Task item: Retype the whole listing that follows, line for line.

Information provided:
+ + + + +

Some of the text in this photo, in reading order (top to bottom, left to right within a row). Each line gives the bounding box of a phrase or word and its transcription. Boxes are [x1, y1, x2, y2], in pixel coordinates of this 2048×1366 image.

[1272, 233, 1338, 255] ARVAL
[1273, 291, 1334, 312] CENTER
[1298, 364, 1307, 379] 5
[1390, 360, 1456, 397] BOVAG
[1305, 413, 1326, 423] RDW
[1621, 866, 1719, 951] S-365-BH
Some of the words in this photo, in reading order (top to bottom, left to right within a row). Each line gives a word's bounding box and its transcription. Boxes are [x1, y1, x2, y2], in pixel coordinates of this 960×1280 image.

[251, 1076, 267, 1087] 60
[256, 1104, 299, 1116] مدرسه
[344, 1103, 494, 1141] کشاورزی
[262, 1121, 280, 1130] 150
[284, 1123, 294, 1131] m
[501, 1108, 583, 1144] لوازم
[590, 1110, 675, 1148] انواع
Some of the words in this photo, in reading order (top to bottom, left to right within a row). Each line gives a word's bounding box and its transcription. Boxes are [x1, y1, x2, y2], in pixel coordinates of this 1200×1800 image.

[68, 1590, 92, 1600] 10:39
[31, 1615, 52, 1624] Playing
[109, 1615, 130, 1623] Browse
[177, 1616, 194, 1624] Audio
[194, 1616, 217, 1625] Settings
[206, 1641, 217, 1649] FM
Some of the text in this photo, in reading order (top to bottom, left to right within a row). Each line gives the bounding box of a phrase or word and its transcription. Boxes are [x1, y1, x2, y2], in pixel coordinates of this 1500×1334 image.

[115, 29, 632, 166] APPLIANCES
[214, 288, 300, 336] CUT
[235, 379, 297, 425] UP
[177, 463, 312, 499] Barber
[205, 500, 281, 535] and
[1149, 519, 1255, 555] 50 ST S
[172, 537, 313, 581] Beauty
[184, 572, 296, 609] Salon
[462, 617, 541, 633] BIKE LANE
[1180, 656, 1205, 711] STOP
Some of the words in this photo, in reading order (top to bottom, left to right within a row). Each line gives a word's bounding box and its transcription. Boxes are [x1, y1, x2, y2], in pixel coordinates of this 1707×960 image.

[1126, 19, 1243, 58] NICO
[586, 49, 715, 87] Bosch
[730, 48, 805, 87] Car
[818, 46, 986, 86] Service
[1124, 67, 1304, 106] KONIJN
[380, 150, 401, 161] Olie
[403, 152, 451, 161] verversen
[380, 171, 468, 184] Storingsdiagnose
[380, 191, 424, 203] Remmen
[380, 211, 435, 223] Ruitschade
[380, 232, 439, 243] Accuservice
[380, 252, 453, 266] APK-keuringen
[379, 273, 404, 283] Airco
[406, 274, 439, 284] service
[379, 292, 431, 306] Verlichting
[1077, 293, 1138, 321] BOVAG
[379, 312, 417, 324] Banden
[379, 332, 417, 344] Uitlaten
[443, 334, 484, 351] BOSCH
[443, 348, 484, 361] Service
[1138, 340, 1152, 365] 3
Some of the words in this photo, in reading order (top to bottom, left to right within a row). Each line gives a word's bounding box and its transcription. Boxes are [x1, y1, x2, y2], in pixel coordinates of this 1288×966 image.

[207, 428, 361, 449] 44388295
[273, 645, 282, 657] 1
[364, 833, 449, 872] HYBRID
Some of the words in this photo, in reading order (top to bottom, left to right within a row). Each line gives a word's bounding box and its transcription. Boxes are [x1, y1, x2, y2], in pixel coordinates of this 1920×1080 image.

+ + + + +

Expected answer:
Some of the text in this photo, in reading order (top to bottom, left to right within a row). Each line gives the bounding box of a phrase or word and its transcription. Boxes are [x1, y1, x2, y2], in pixel coordinates of this 2048×1366 image.

[1272, 233, 1338, 255] ARVAL
[1273, 291, 1334, 312] CENTER
[1298, 364, 1307, 379] 5
[1390, 360, 1456, 397] BOVAG
[1305, 413, 1326, 423] RDW
[1621, 866, 1719, 951] S-365-BH
Some of the words in this photo, in reading order (top to bottom, left to right within a row). Each line gives a word's bounding box and its transcription. Boxes are [x1, y1, x2, y2], in pixel coordinates of this 960×1280 image.

[251, 1076, 267, 1087] 60
[256, 1104, 299, 1116] مدرسه
[344, 1103, 494, 1141] کشاورزی
[262, 1121, 280, 1130] 150
[284, 1123, 294, 1131] m
[501, 1108, 583, 1144] لوازم
[590, 1110, 675, 1148] انواع
Some of the words in this photo, in reading order (top to bottom, left to right within a row). Each line gives a word's bounding box and its transcription. Boxes are [x1, y1, x2, y2], in pixel coordinates of this 1200×1800 image.

[68, 1590, 92, 1600] 10:39
[31, 1615, 52, 1624] Playing
[109, 1615, 130, 1623] Browse
[177, 1616, 194, 1624] Audio
[194, 1616, 217, 1625] Settings
[206, 1641, 217, 1649] FM
Some of the text in this photo, in reading order (top to bottom, left to right within a row). Each line gives the bounding box of a phrase or word and its transcription. Boxes are [x1, y1, x2, y2], in pixel coordinates of this 1500×1334 image.

[115, 29, 632, 166] APPLIANCES
[214, 288, 300, 336] CUT
[235, 379, 297, 425] UP
[177, 463, 312, 499] Barber
[205, 500, 281, 535] and
[1149, 519, 1255, 555] 50 ST S
[172, 537, 313, 581] Beauty
[184, 572, 296, 609] Salon
[462, 617, 541, 633] BIKE LANE
[1180, 656, 1205, 711] STOP
Some of the words in this photo, in reading order (top to bottom, left to right within a row). Each line gives a word's bounding box and its transcription. Boxes are [x1, y1, x2, y2], in pixel coordinates of this 1707×960 image.

[1126, 19, 1243, 58] NICO
[586, 49, 715, 87] Bosch
[730, 48, 805, 87] Car
[818, 46, 986, 86] Service
[1124, 67, 1304, 106] KONIJN
[380, 150, 401, 161] Olie
[403, 152, 451, 161] verversen
[380, 171, 468, 184] Storingsdiagnose
[380, 191, 424, 203] Remmen
[380, 211, 435, 223] Ruitschade
[380, 232, 439, 243] Accuservice
[380, 252, 453, 266] APK-keuringen
[379, 273, 404, 283] Airco
[406, 274, 439, 284] service
[379, 292, 431, 306] Verlichting
[1077, 293, 1138, 321] BOVAG
[379, 312, 417, 324] Banden
[379, 332, 417, 344] Uitlaten
[443, 334, 484, 351] BOSCH
[443, 348, 484, 361] Service
[1138, 340, 1152, 365] 3
Some of the words in this photo, in reading order (top to bottom, left to right within a row). Each line gives a word's bounding box and its transcription. Boxes are [x1, y1, x2, y2], in pixel coordinates of this 1288×966 image.

[207, 428, 361, 449] 44388295
[273, 645, 282, 657] 1
[364, 833, 449, 872] HYBRID
Some of the words in this photo, in reading order (top to bottom, left to right within a row). Each line gives a word's bounding box and its transcription. Boxes are [x1, y1, x2, y2], in pixel coordinates of this 1920×1080 image.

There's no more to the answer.